The relevant figure here is this:
Since 1989, if April21 AND MayTD2-15 are BOTH DOWN (check):
-May TDM 15 through June TDM time period has been up 9 times and down only 3 times.
In other words, if gold stocks show a loss during both the April21 and MayTD-15 time periods, then the MayTD15-JunTD9 period has showed a gain 9 out of 12 times. Thus, the implication now is bullish and based on this we should be once again looking to play the bullish side of gold stocks (gulp!). As a result, I suggest exiting the June 47 GDX calls and entering a new position, which I will discuss in a moment.
Getting Your Head Unscrewed, er, Screwed on Right
So will this new position be my “redemption?” Will gold stock prices soar over the next several weeks, leading to a gain which wipes out the previous loss and generates a net profit? Will I look like the self assured speculator who sticks to his guns and wins in the end? Or will I look even dumber in a couple of weeks.
In all candor, the answer is “who cares?” I base this blasé attitude on:
Jay’s Trading Maxim #77: To invest your money in a good idea is wise.

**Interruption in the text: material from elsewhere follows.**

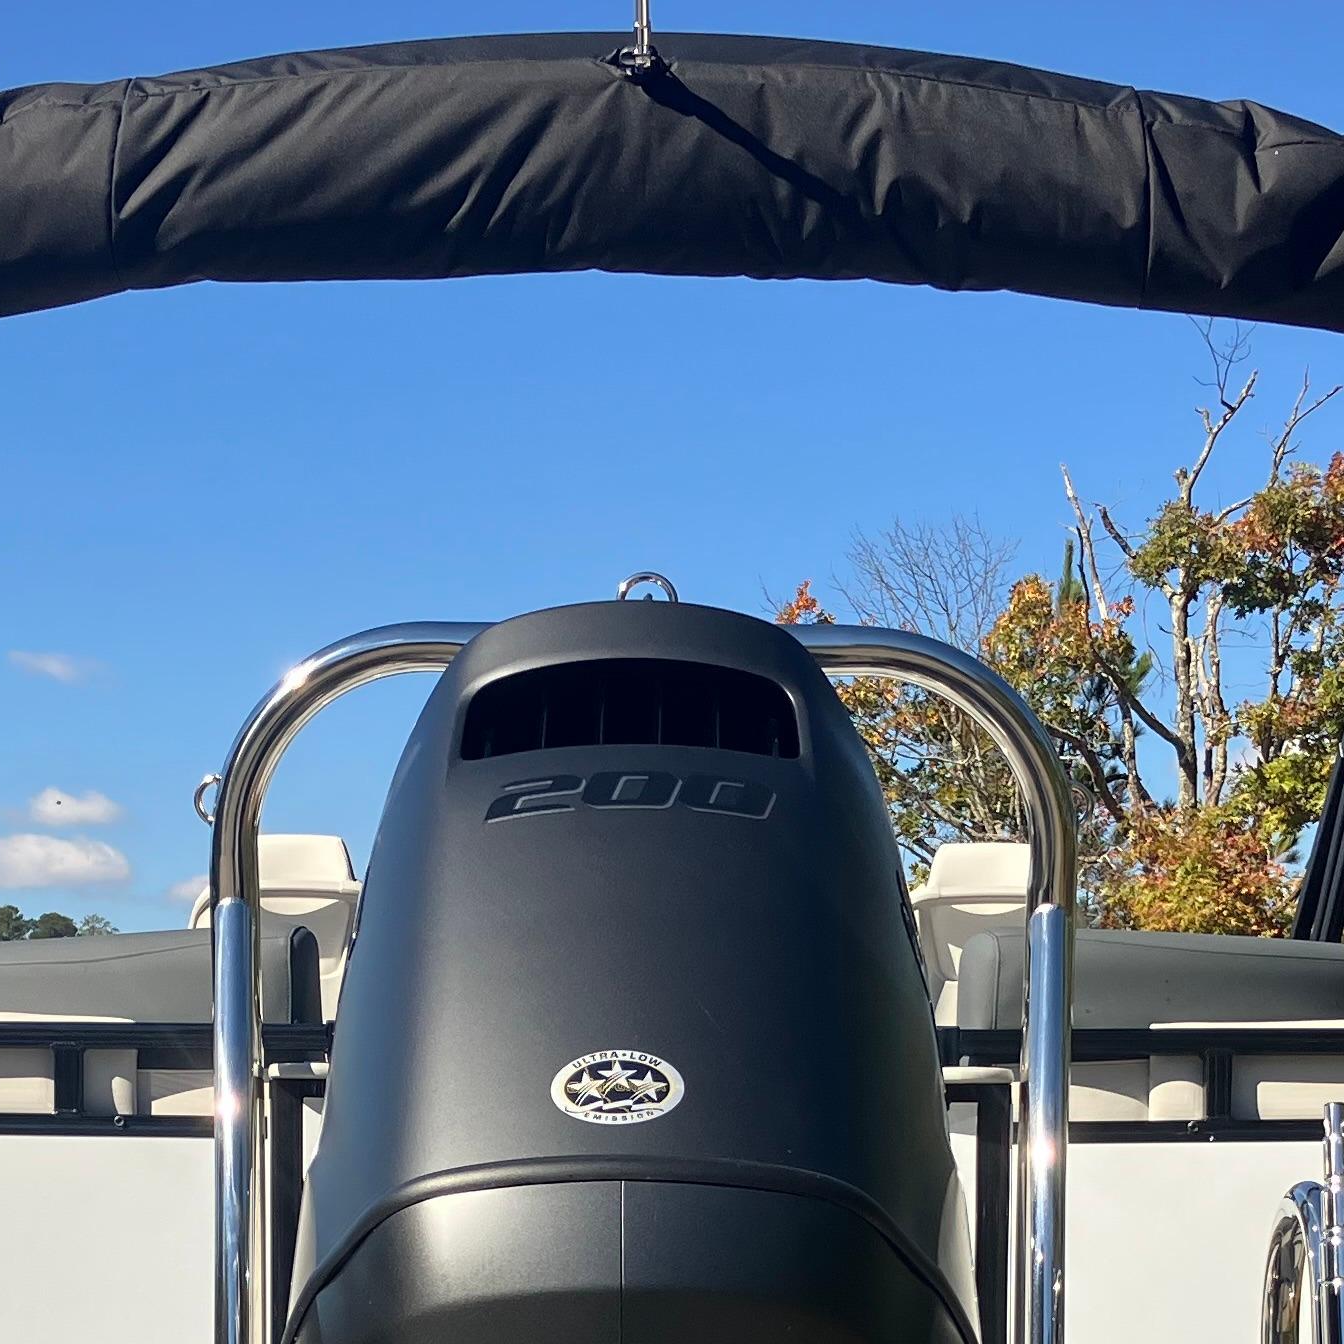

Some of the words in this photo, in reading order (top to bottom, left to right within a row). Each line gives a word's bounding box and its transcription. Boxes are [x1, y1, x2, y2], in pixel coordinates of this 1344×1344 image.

[484, 771, 777, 823] 200
[572, 1051, 619, 1069] ULTRA
[629, 1051, 662, 1068] LOW
[584, 1111, 654, 1122] EMISSION

To invest your ego in any position, not so much.
Finding a Position
So here goes. It’s decision time. The question at hand is what position to put on now in hopes of making money if gold stocks really do – no seriously, I really mean it this time – rally between now and 6/13. As always – especially for those who use options - there are choices. In fact, in an ironic twist of fate this leads directly to:
Jay’s Trading Maxim #115: The greatest thing about trading options (there are so many possibilities) is also – ironically – the very worst thing about trading options (there are so many possibilities).

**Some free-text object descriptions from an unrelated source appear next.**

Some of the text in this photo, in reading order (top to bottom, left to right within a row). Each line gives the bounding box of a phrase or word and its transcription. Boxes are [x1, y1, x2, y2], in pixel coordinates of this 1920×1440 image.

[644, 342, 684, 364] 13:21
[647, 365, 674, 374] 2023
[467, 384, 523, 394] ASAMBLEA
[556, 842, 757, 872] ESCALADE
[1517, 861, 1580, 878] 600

In this case, because we are looking (hoping?) for a short-term advance in gold stock prices I am going to look at the June options. There is risk involved here because our target exit date is 6/13 and June options expire just two days later on 6/15. This means that because of time decay, any time premium that we pay to buy a June option will be just about gone by the time the thirteenth rolls around.

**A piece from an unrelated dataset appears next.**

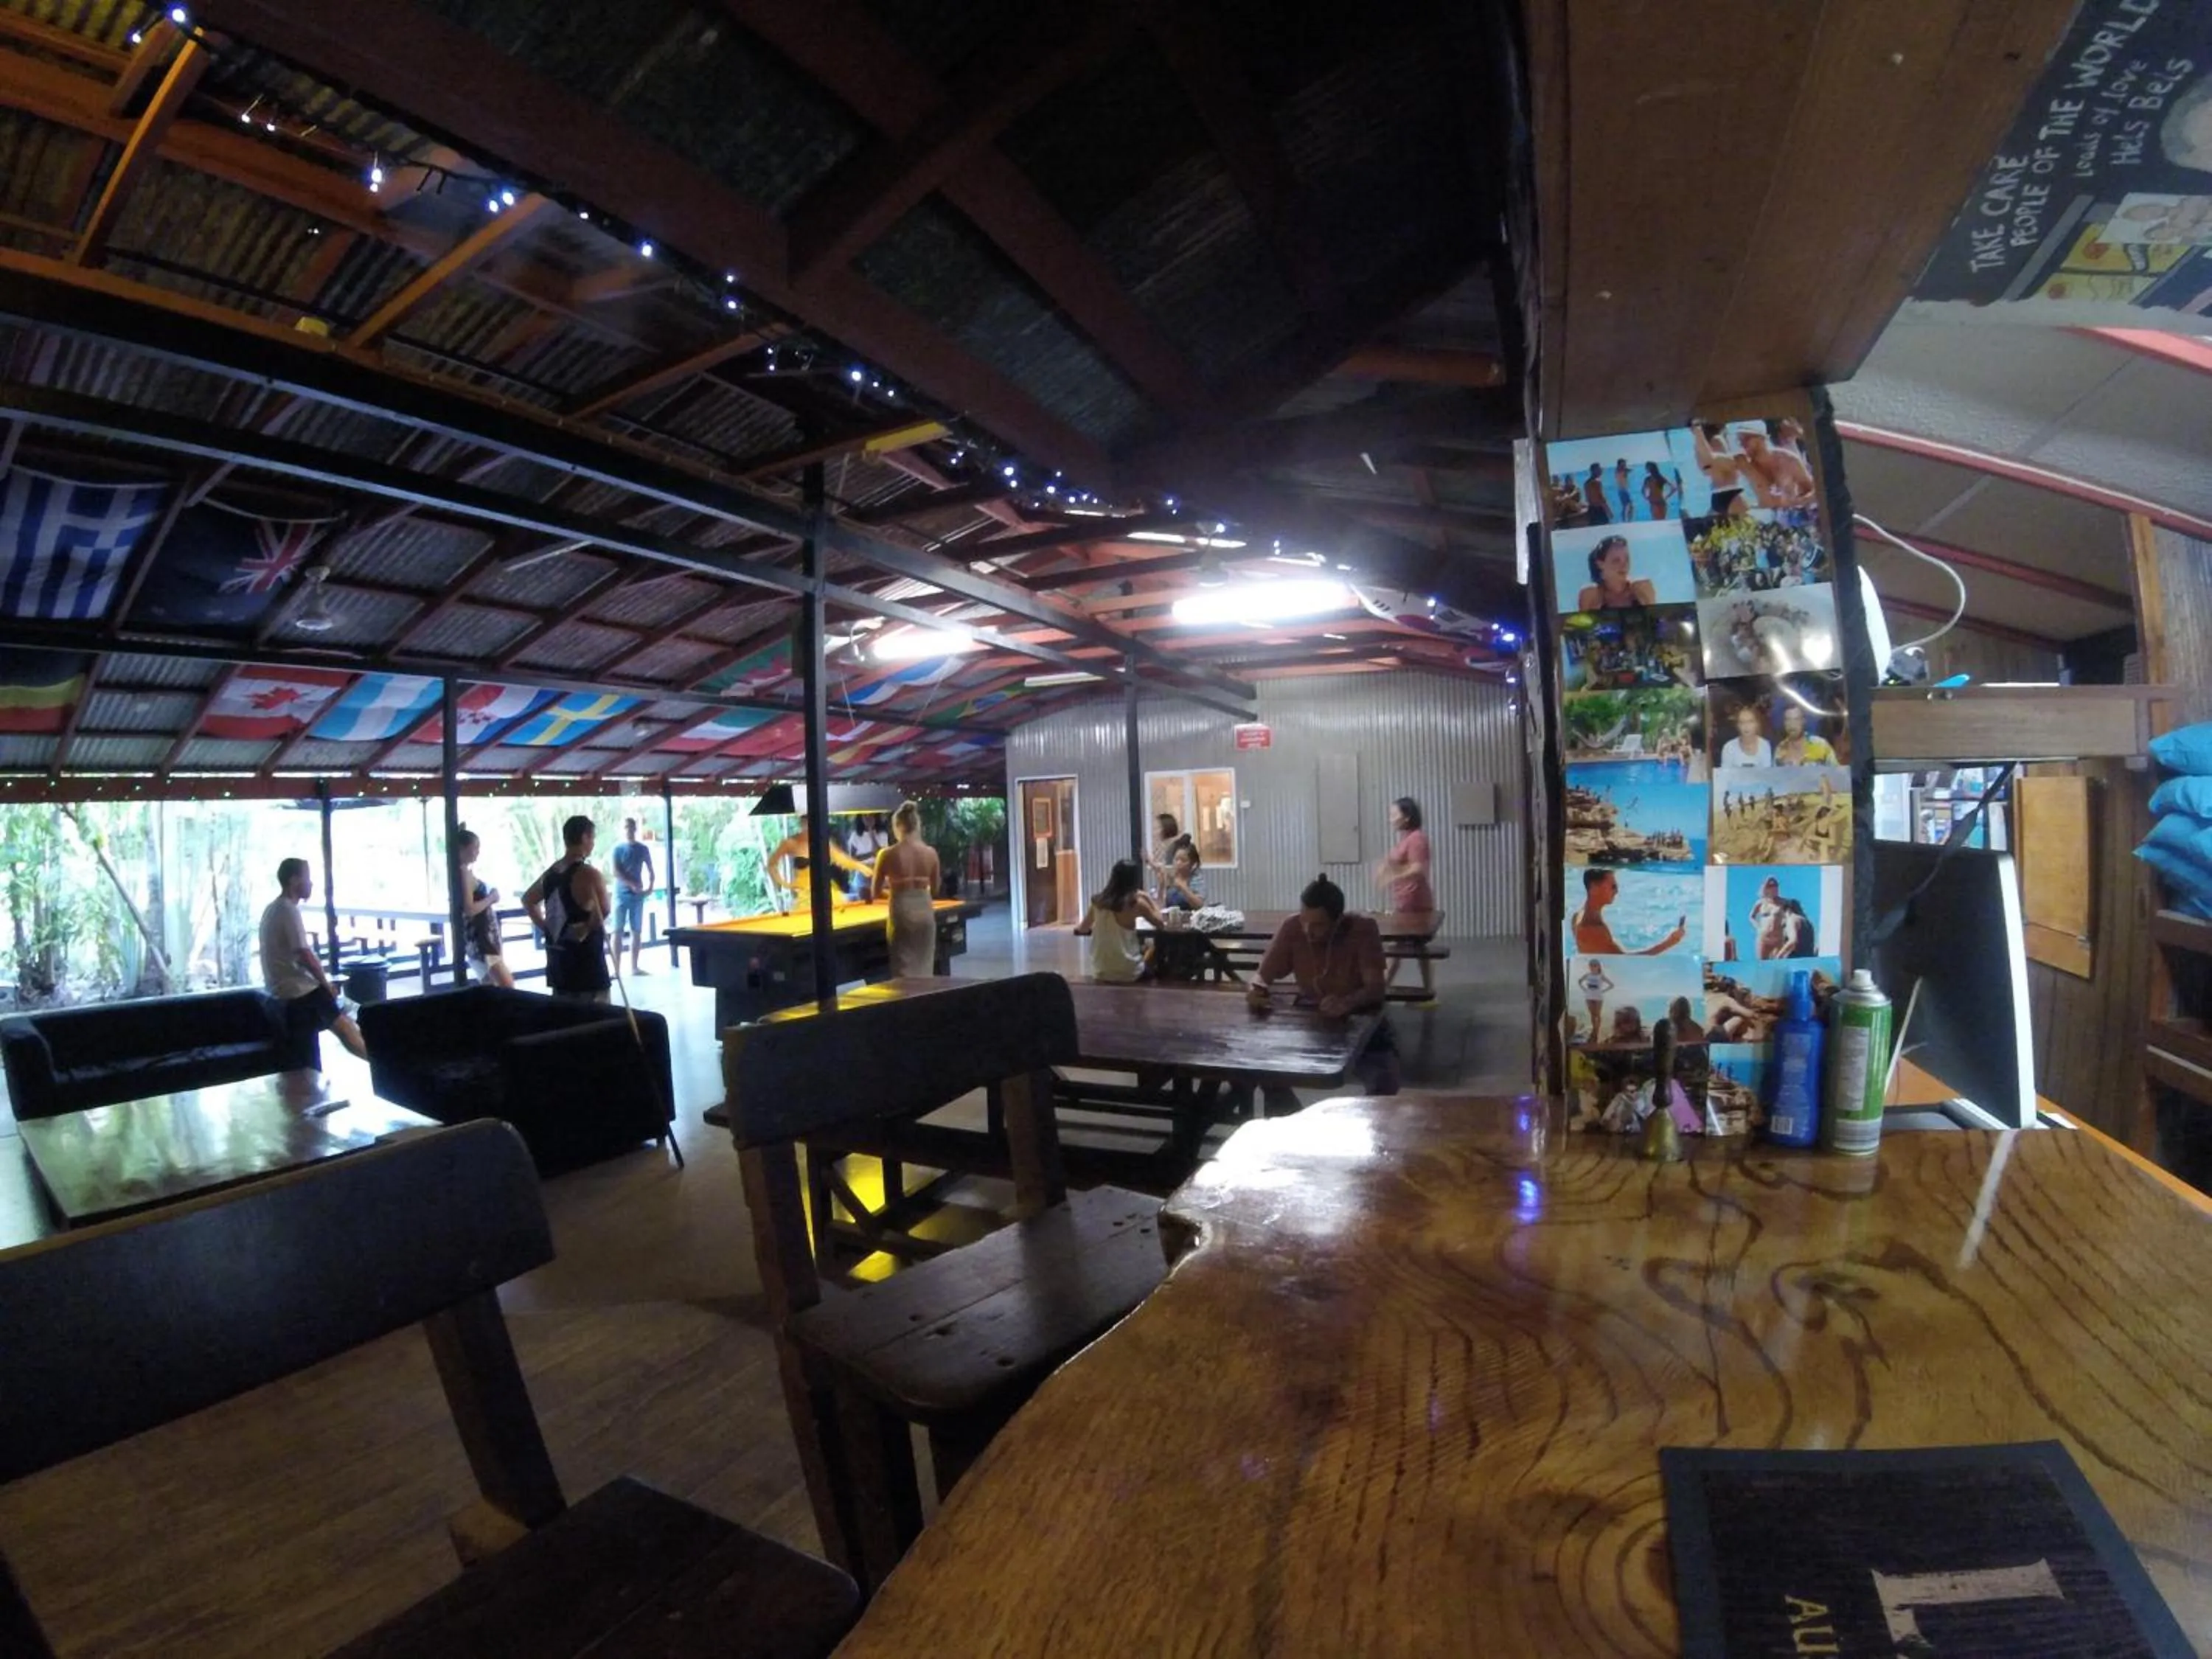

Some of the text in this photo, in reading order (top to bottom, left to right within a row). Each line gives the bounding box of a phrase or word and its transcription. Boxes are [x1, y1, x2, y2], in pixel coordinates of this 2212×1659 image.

[2038, 98, 2084, 140] THE
[2033, 147, 2060, 174] OF
[1969, 153, 2028, 274] TAKE CARE
[2010, 184, 2051, 248] PEOPLE

The bottom line here is that if one buys June call options now with the idea of selling on 6/13, the risk of a complete loss of investment is very real.
Possibility #1 – The Stock Replacement Approach
With this approach we will try to minimize the negative effect of time decay by buying an in-the-money option that is comprised mostly of intrinsic value. For this we will look at buying two GDX June 40 calls at $3.75. As of 5/21/12, GDX was trading at 43.01. So if we add the strike price of the option (40) to the cost of the option (3.75) we get a breakeven price of 43.75. So GDX must rise to at least that price in order for this position to make money. Above that price the option will move point for point with the price of GDX itself.

Figure 1 – GDX June 40 Calls

Figure 2 – GDX June 40 Calls
Possibility #2 – A More Aggressive Play
A more aggressive play with about the same dollar risk would be to buy two of the at-the-money June 43 calls. As of the close on 5/21 this option was trading at 1.73. So the breakeven price on this position is 44.73 (43 strike price plus 1.73 option price). To put it another way, if GDX does anything besides rally 4% (i.e., from 43.01 to above 44.73) in the next 16 trading days, this position loses money.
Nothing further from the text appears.